Oh and I get about 2.8-3.1km/L on the track (assuming the trip computer calculates correctly) and that's giving it as much loud pedal as the circuit allows!

2.8-3.1 on the track - wowser!

I was getting about 4.1 on Sandown.

post-55164-1263801180_thumb.jpg

This photo was taken after a recent highway trip, just after i filled up, ended up getting 900kms from 75 litres.

regularly get around 10.5km per litre according to the fuel consumption screen, and thats back up at the bowser with 60 litres getting around 600kms.

2.8-3.1 on the track - wowser!

I was getting about 4.1 on Sandown.

Here's a pic from a track day before I got the TopSpeed Pro1 Exhaust fitted... (which seemed to decrease the economy further, or it might have been that I got more confident with the track and was pushing harder in subsequent days?)

post-60966-1263812952_thumb.jpg

I usually get anywhere between 7 km/l to 8.5 km/l depending on traffic. Most of my driving is either short trips in the burbs or the 25km commute to work and back in just (barely) pre-peak hour Melbourne traffic.
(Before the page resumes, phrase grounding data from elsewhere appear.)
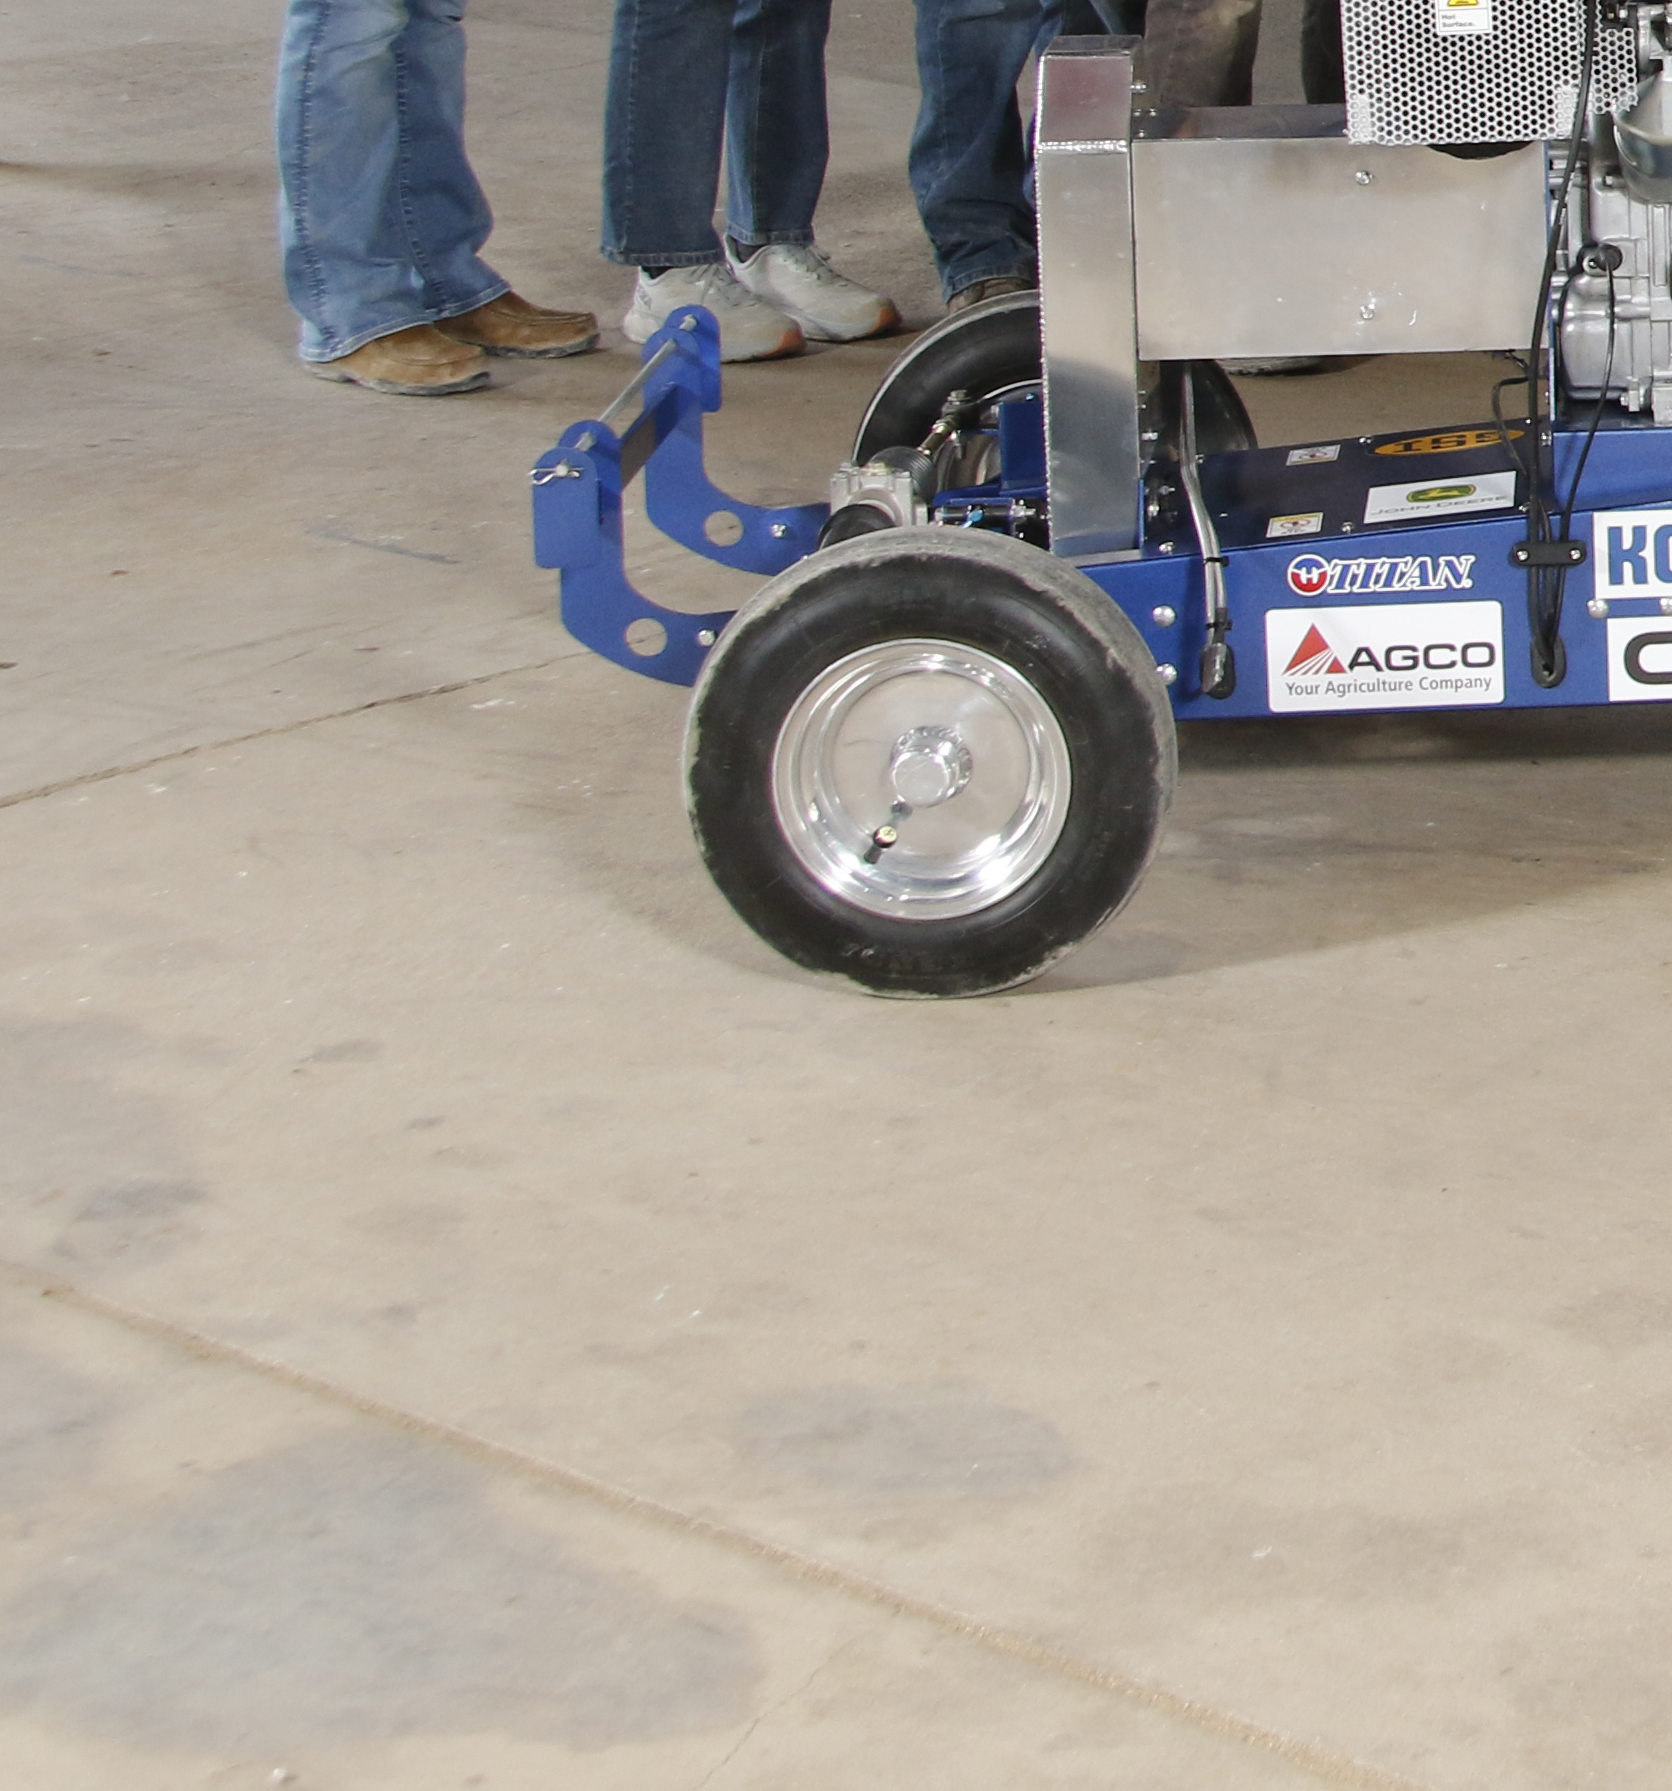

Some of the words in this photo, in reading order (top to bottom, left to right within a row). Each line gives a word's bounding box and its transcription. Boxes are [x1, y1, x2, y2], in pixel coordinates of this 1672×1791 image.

[1327, 555, 1477, 593] TITAN
[1348, 642, 1495, 672] AGCO
[1286, 682, 1320, 696] Your
[1324, 678, 1413, 697] Agriculture
[1418, 676, 1492, 692] Company
Taking the car on a nice long trip this coming weekend so I look forward to seeing how I go with economy. Will finally get to put that cruise control that Chris Rogers did for me to good use use :D

I get around 8.5km/l around town in a 6MT. Almost made it back to Brisbane from Sydney on one tank in 2008 when I first bought the car(900km+). At the other extreme though on my first skid pan day I was almost exclusively in first gear (reving the nuts off it of course) and managed the dubious fuel burn rate of 19 litres for 19km of driving. Could not believe it and now that I am game to tackle it in 2nd gear consumption has improved vastly.
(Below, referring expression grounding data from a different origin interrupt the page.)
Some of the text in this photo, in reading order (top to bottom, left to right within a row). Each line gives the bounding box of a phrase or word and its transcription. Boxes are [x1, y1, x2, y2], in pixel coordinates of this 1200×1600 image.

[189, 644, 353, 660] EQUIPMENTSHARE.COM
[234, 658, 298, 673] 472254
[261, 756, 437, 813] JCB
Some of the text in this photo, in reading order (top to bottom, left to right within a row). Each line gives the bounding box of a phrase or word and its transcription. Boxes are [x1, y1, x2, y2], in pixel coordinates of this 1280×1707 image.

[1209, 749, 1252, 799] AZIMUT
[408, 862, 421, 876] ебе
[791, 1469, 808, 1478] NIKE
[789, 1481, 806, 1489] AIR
my last Scoresby Fwy trip yields me 9.6ltr/100km with 130-ish km on the odo trip meter and estimated 530+ km still available based on the trip computer's estimation - it is possible to get 600-700km a tank on the 3.5 ltr if I can keep the pace like that (e.g. long trip 6-7 hours non stop)

Create an account or sign in to comment

You need to be a member in order to leave a comment

Create an account

Sign up for a new account in our community. It's easy!

Register a new account

Sign in

Already have an account? Sign in here.

Sign In Now


  • Similar Content

  • Latest Posts

    • Kittens in first to claim dominance of the residence, then puppies later From past experience, the other way around can be problematic to say the least  Those weird "Dobby looking"  little kittens are not cheap....LOL
    • At least yours have parkour down pat. One of mine will still trip over his own shadow and fall over... He's a special type of cat... Ha ha ha
    • The question then becomes - was there any fluid coming from that hole before you did the rebuild ?    You may not have noticed, of course.   Depending on how you did the rebuild, the possibility has to be considered that somehow (cleaning ?)  fluid entered that hole and is now being 'forced'  out by small movements of the proportioning valve.   From the factory, there's actually a small rubber plug in that hole but with age and under-bonnet heat it's quite common for it to 'go missing'.  That rubber plug is designed to allow the venting process but also to prevent 'stuff' getting to the area (prevent corrosion, etc).   The plug is also not available as a spare part AFAIA. Personally I wouldn't race and buy a new master just yet but keep an eye on the area to see if the 'leak' continues.   If you're concerned about brake fluid damaging nearby paintwork, cable tie a piece of suitable absorbant material over the hole and remove/monitor occasionally.    Operation of the proportioning valve and the brake master itself won't be affected, but also keep an eye on brake fluid level, of course. In terms of a new master, the genuine part is getting expensive, unfortunately.  Amayama is showing AUD900+.   I was searching recently and there's an aftermarket part available from Japan made by 'Parts Assist': https://zenmarket.jp/en/yahoo.aspx?q=BNR32%2bBM50&p=1 Whether it's any good I have no idea, although in my experience Japanese aftermarket stuff is pretty good quality-wise.   The above site allows overseas buyers to purchase stuff more easily from Japan but there are fees and shipping costs, of course.   The original Japanese seller page is here: https://auctions.yahoo.co.jp/jp/auction/p1197401228 Copper/Nickel is fine but I still prefer bundy tube and it's also cheaper.
    • Your chihuahuas look weird!
×
×
  • Create New...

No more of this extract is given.